TRY IT >> Output every record exactly and leave each picture out.

** Opening DATA SHOWN block **

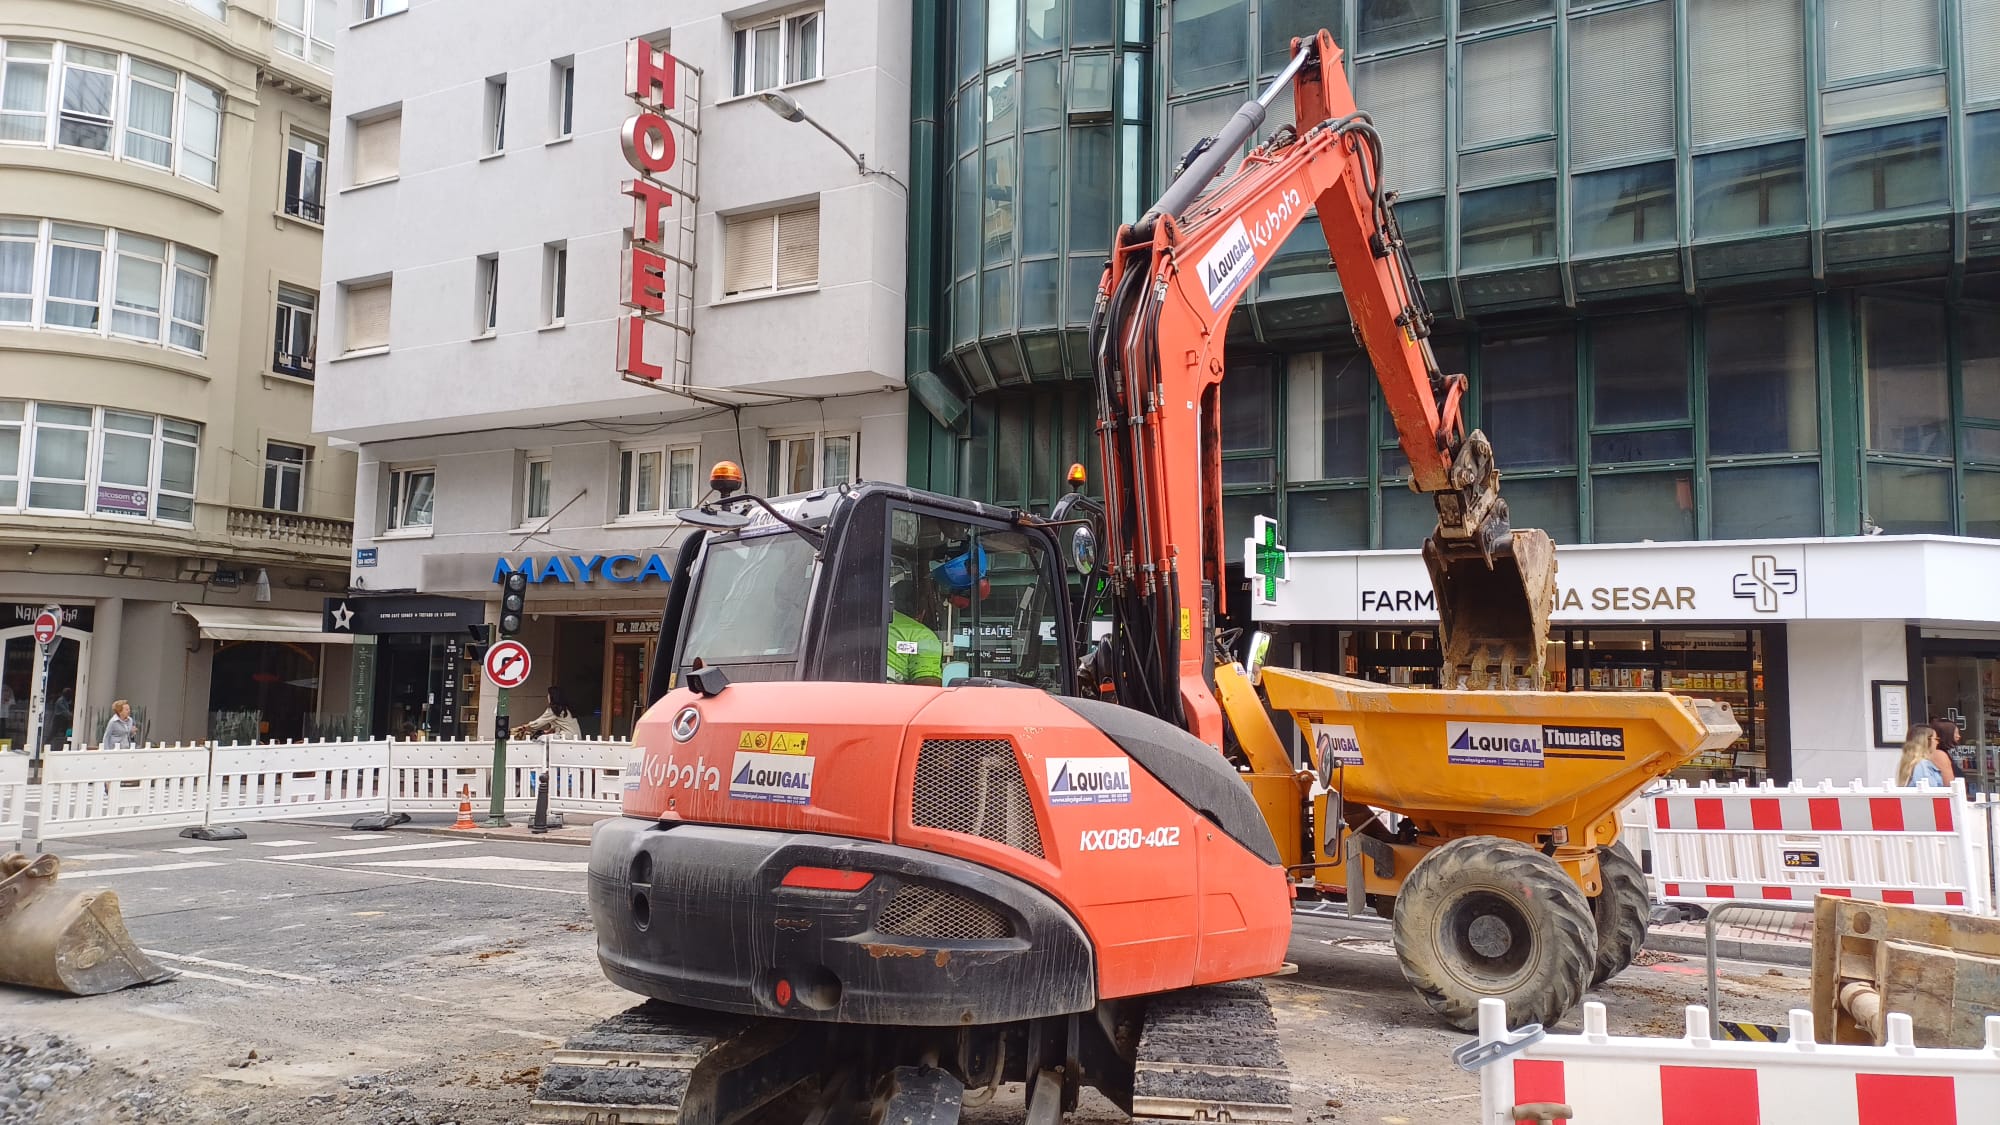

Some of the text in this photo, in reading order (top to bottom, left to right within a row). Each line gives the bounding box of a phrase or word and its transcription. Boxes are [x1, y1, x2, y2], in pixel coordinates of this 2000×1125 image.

[622, 38, 676, 381] HOTEL
[1249, 188, 1301, 248] Kubota
[1362, 589, 1440, 611] FARM
[1554, 586, 1696, 611] IA SESAR
[15, 604, 43, 621] NAN
[1544, 728, 1622, 748] Thwaites
[643, 753, 721, 792] Kubota

** Closing DATA SHOWN block **

EXERCISE SOLUTION >>
Some of the text in this photo, in reading order (top to bottom, left to right within a row). Each line gives the bounding box of a phrase or word and its transcription. Boxes are [x1, y1, x2, y2], in pixel coordinates of this 2000×1125 image.

[622, 38, 676, 381] HOTEL
[1249, 188, 1301, 248] Kubota
[1362, 589, 1440, 611] FARM
[1554, 586, 1696, 611] IA SESAR
[15, 604, 43, 621] NAN
[1544, 728, 1622, 748] Thwaites
[643, 753, 721, 792] Kubota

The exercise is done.